Task directions => Give back every record exactly, images excluded.

[Image-backed grounding data]

####################

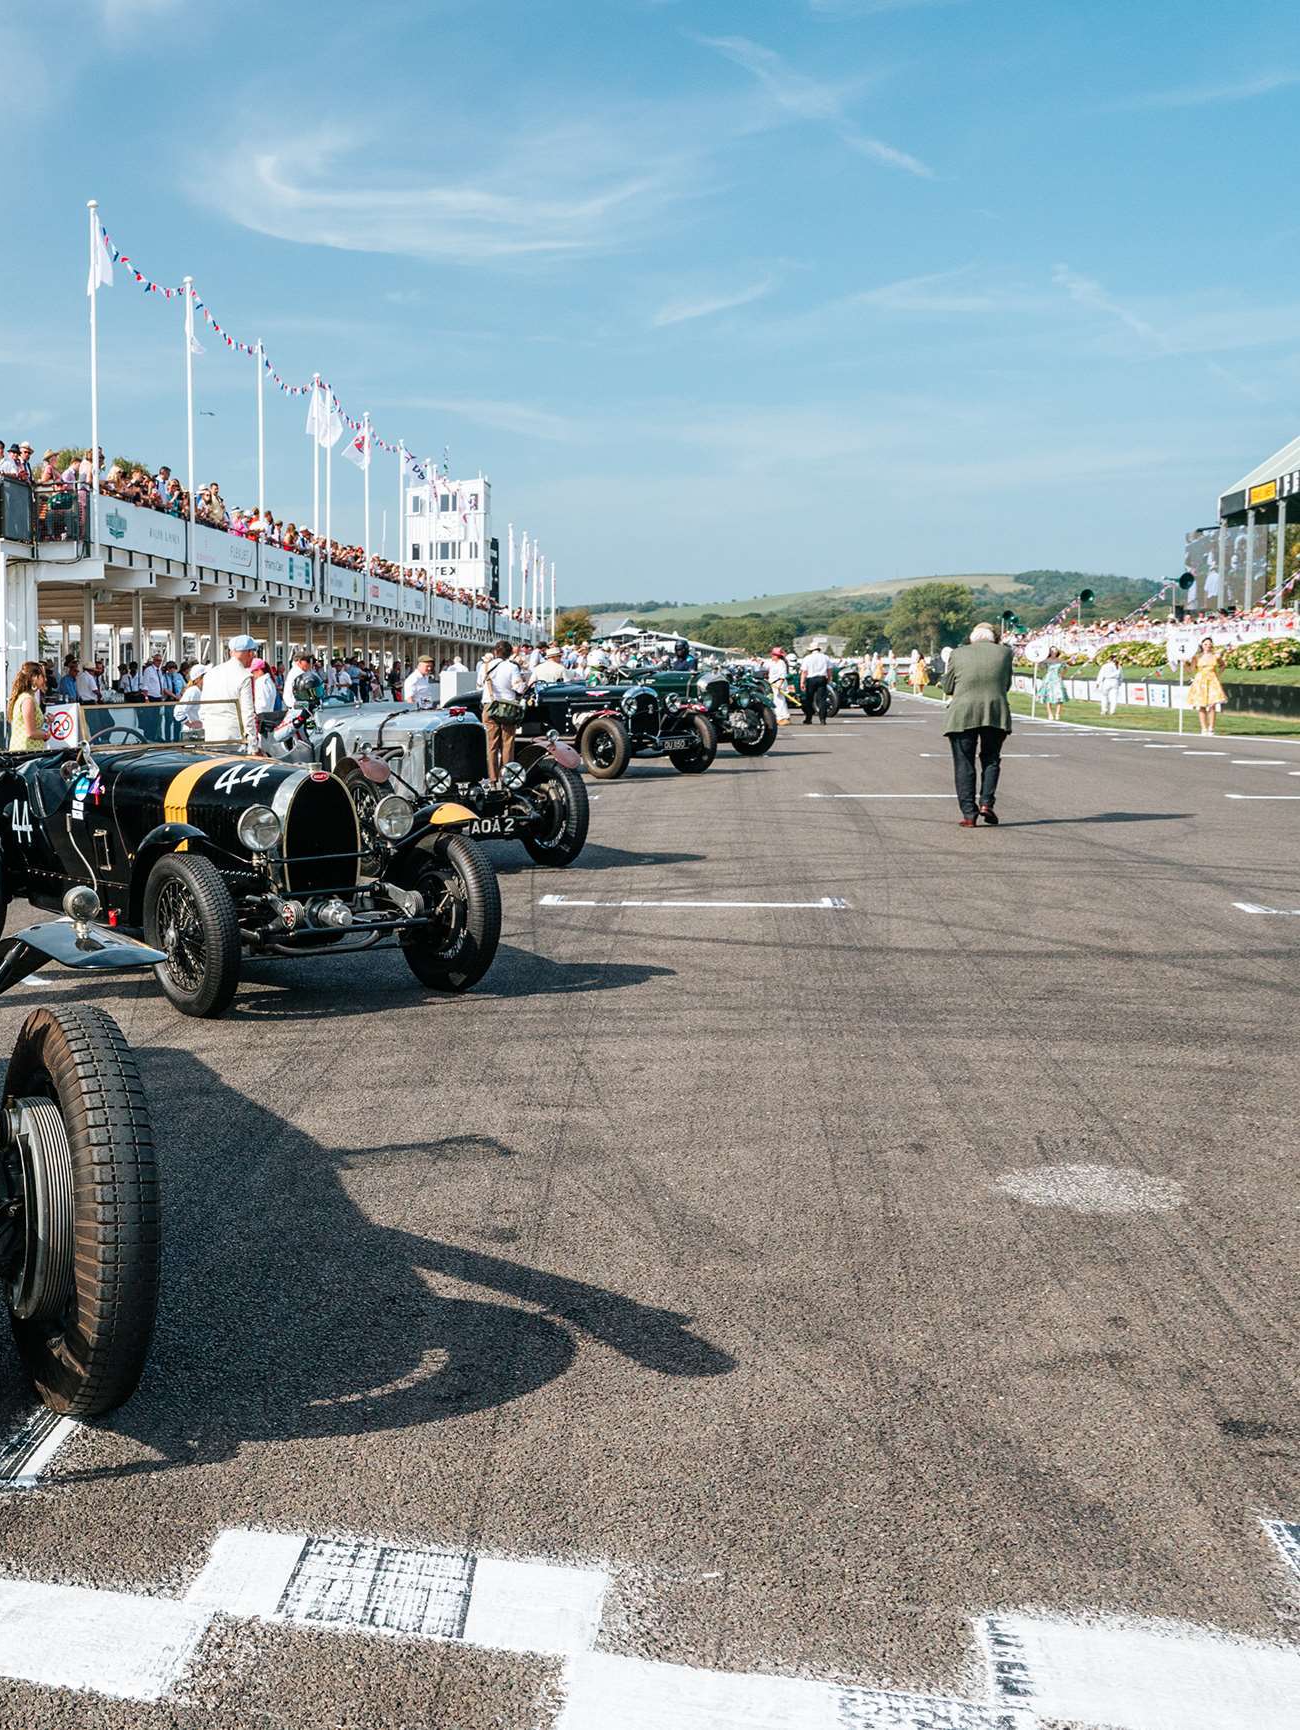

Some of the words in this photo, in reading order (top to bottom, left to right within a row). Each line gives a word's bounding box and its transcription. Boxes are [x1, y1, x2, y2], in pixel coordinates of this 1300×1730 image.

[190, 581, 198, 592] 2
[228, 589, 235, 599] 3
[260, 594, 267, 604] 4
[289, 600, 295, 609] 5
[314, 605, 320, 614] 6
[365, 614, 372, 622] 8
[53, 720, 70, 732] 20
[325, 736, 337, 774] 1
[214, 764, 274, 795] 44
[12, 799, 33, 843] 44
[471, 818, 501, 834] AOA
[504, 818, 514, 832] 2

####################

Solution for this task =>
Some of the words in this photo, in reading order (top to bottom, left to right within a row). Each line gives a word's bounding box and its transcription. Boxes are [x1, y1, x2, y2], in pixel coordinates of this 1300×1730 image.

[190, 581, 198, 592] 2
[228, 589, 235, 599] 3
[260, 594, 267, 604] 4
[289, 600, 295, 609] 5
[314, 605, 320, 614] 6
[365, 614, 372, 622] 8
[53, 720, 70, 732] 20
[325, 736, 337, 774] 1
[214, 764, 274, 795] 44
[12, 799, 33, 843] 44
[471, 818, 501, 834] AOA
[504, 818, 514, 832] 2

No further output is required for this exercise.